• **YOUR OBJECTIVE**
Starting with the line that contains "Some of the text", copy every remaining line of the data below exactly, the last one included.

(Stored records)
╭──

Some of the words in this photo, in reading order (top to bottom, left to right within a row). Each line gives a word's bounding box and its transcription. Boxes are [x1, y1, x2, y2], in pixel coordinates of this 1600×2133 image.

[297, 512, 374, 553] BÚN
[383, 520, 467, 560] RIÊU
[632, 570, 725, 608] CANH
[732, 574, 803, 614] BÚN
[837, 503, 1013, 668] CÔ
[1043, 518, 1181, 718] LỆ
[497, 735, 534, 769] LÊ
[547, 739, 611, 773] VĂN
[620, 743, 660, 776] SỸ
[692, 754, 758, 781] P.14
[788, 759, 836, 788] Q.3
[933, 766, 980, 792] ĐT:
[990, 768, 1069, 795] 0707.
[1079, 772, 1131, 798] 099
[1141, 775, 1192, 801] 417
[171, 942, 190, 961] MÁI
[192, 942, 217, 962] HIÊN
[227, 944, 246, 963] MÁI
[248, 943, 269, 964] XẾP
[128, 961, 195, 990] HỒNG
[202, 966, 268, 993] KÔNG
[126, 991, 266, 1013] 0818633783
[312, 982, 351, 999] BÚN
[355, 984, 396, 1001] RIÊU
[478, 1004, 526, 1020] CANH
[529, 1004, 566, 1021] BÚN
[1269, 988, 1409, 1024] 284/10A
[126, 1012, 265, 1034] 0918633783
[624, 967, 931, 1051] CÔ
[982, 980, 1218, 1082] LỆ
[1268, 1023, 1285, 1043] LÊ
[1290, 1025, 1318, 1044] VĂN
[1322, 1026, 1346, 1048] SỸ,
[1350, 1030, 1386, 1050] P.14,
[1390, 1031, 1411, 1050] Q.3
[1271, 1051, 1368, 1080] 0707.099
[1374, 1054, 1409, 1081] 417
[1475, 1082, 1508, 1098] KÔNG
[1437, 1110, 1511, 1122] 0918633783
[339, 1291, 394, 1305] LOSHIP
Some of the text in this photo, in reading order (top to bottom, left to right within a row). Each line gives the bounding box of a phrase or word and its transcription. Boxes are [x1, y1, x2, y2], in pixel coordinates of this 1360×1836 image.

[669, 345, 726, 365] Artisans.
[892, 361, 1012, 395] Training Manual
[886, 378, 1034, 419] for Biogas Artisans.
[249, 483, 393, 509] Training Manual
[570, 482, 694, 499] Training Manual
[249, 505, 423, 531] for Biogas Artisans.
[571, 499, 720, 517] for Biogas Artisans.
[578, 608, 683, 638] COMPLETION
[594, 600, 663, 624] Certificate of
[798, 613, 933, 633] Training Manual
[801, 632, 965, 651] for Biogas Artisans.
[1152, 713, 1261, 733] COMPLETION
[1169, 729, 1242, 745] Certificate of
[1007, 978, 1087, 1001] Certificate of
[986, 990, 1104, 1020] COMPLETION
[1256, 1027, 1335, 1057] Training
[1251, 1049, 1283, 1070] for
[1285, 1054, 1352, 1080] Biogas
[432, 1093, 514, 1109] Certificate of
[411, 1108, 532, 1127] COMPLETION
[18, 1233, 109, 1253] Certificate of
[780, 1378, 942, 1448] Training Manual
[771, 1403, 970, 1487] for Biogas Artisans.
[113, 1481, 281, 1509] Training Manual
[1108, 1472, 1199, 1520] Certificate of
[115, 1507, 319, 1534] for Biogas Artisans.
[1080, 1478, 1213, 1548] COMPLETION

╰──

• **RESPONSE TO THIS EXERCISE**
Some of the text in this photo, in reading order (top to bottom, left to right within a row). Each line gives the bounding box of a phrase or word and its transcription. Boxes are [x1, y1, x2, y2], in pixel coordinates of this 1360×1836 image.

[669, 345, 726, 365] Artisans.
[892, 361, 1012, 395] Training Manual
[886, 378, 1034, 419] for Biogas Artisans.
[249, 483, 393, 509] Training Manual
[570, 482, 694, 499] Training Manual
[249, 505, 423, 531] for Biogas Artisans.
[571, 499, 720, 517] for Biogas Artisans.
[578, 608, 683, 638] COMPLETION
[594, 600, 663, 624] Certificate of
[798, 613, 933, 633] Training Manual
[801, 632, 965, 651] for Biogas Artisans.
[1152, 713, 1261, 733] COMPLETION
[1169, 729, 1242, 745] Certificate of
[1007, 978, 1087, 1001] Certificate of
[986, 990, 1104, 1020] COMPLETION
[1256, 1027, 1335, 1057] Training
[1251, 1049, 1283, 1070] for
[1285, 1054, 1352, 1080] Biogas
[432, 1093, 514, 1109] Certificate of
[411, 1108, 532, 1127] COMPLETION
[18, 1233, 109, 1253] Certificate of
[780, 1378, 942, 1448] Training Manual
[771, 1403, 970, 1487] for Biogas Artisans.
[113, 1481, 281, 1509] Training Manual
[1108, 1472, 1199, 1520] Certificate of
[115, 1507, 319, 1534] for Biogas Artisans.
[1080, 1478, 1213, 1548] COMPLETION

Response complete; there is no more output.